Après quelques questions techniques du parquet, ce sont des avocats des parties civiles qui ont pris la parole. La plupart d’entre eux ont simplement tenu à remercier ces premiers intervenants, qui “ont porté secours aux victimes”, pour “l’héroïsme dont ils ont fait preuve”.

Sur interrogation, les intervenants ont rappelé que 133 victimes de Maelbeek, blessées à des degrés divers, et 135 à Zaventem, avaient été prises en charge à l’hôpital. Ce nombre ne comprend pas les victimes qui se sont rendues d’elles-mêmes en milieu hospitalier.

Une victime de Zaventem a ensuite clôturé les questions des parties civiles, en mettant en lumière l’attitude des pompiers et militaires, qui ont parfois dû utiliser leurs vêtements pour porter les premiers soins. “Ils ont sauvé des vies en effectuant des garrots avec leur ceinture“, a-t-elle souligné.


15h28 – La bombe d’Osama Krayem, même sans pile, aurait pu exploser

Les avocats de la défense ont pu ensuite également pu poser leurs questions aux premiers intervenants de Zaventem et Maelbeek. Le conseil d’Osama Krayem, Me Stuyck, a notamment questionné le service de déminage de l’armée (Sedee) sur ce qui aurait pu arriver si l’accusé n’avait pas évacué le contenu de sa bombe dans les sanitaires de l’appartement de l’avenue des Casernes.

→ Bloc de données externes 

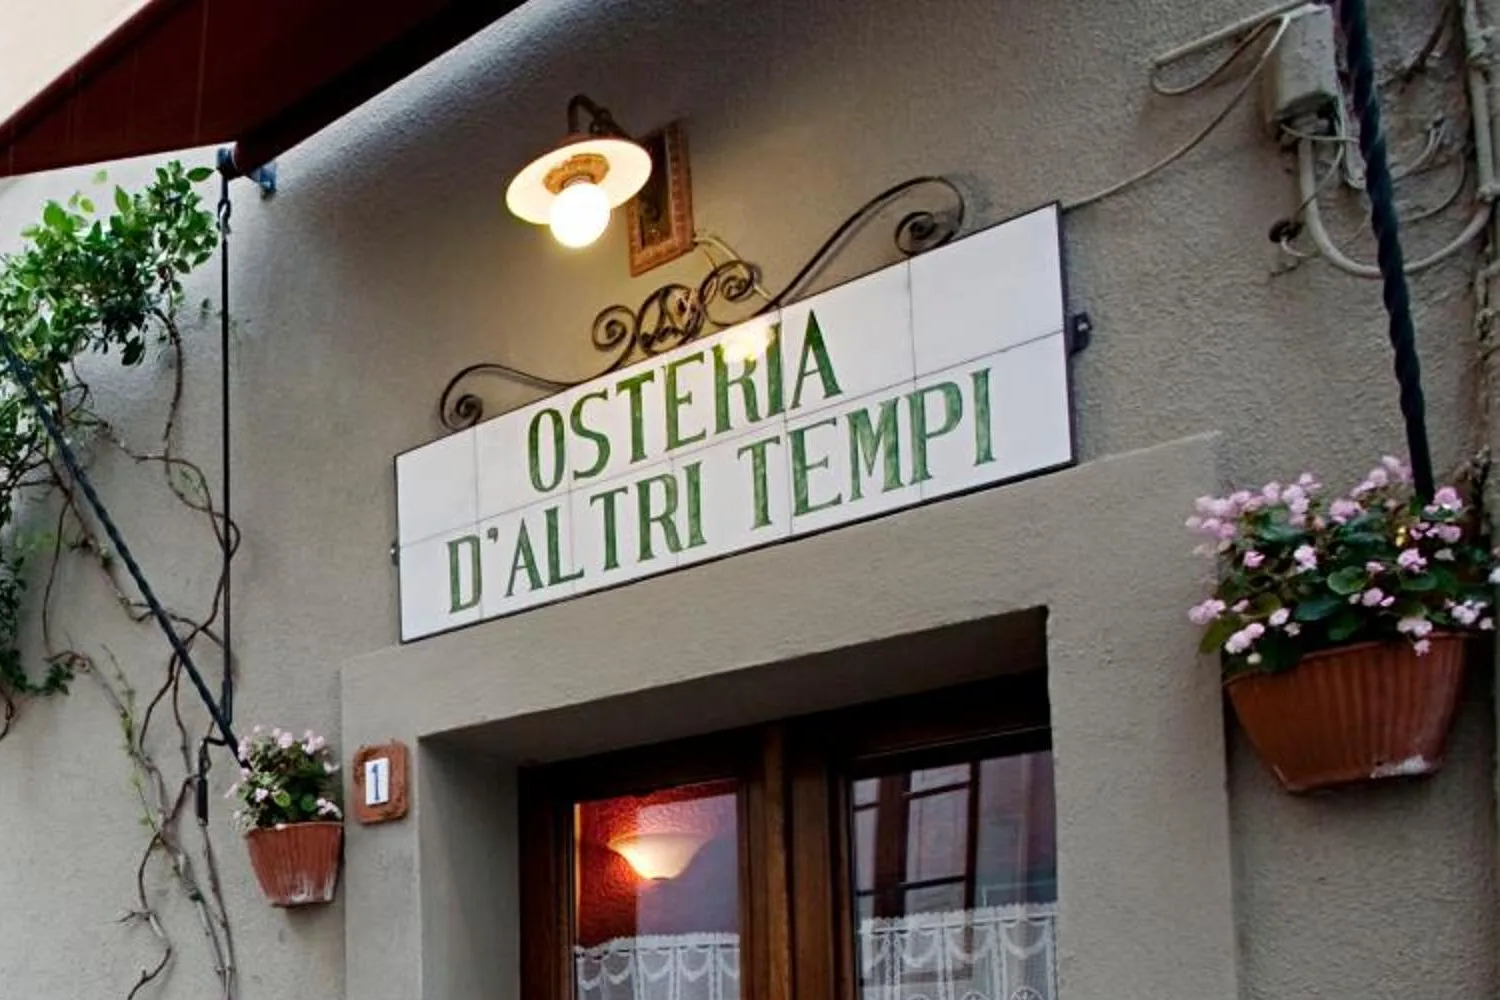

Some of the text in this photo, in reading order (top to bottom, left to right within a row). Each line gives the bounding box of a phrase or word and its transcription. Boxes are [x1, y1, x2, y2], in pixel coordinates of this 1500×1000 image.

[446, 367, 998, 614] D'ALTRI TEMPI
[527, 308, 843, 493] OSTERIA

Le sac à dos aurait-il pu exploser, même sans pile, s’il avait été déposé dans le métro ?“, a-t-elle demandé aux représentants du Sedee. “Il y aurait eu un risque de détonation par sympathie, simplement due à la sensibilité du TATP“, si le sac s’était trouvé à proximité du lieu d’explosion du kamikaze El Bakraoui. Un risque de détonation aurait également existé si le sac, même sans pile, avait simplement été déposé dans l’appartement de l’avenue des Casernes. “Il y a toujours un risque que le TATP commence à se décomposer, et soit donc de plus en plus instable“, a confirmé le major Verburg.

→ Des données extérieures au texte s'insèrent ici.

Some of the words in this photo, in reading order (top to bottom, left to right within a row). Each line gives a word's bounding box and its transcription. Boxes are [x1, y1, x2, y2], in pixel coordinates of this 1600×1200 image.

Rappel des faits, profil des inculpés et témoignages de victimes : notre dossier sur les attentats de Bruxelles


18h30 – Quelques questions avant la fin de l’audience

Après une pause, ce sont les témoins des phases 2 et 3 de l’enquête qui ont été mis à disposition des questions. Ils le resteront la semaine prochaine, seul le parquet a pu, avant la fin de l’audience vers 18h30, les questionner.

Sur l’ordinateur portable retrouvé rue Max Roos, ont été retrouvés photos, lettres, documents de propagande, fichiers audio et vidéo, autant d’informations qui ont permis aux enquêteurs de contextualiser l’emploi du temps et les motivations des terroristes. Son exploitation a permis de révéler l’existence d’éléments ouverts antérieurement aux attentats de Paris et Bruxelles. Et parmi ceux-ci, il y avait un pdf appelé “support de cours 2015”, créé le 29 mai 2015, soit bien avant les attentats du 22 mars 2016. L’auteur du fichier est référencé comme “Hervé”.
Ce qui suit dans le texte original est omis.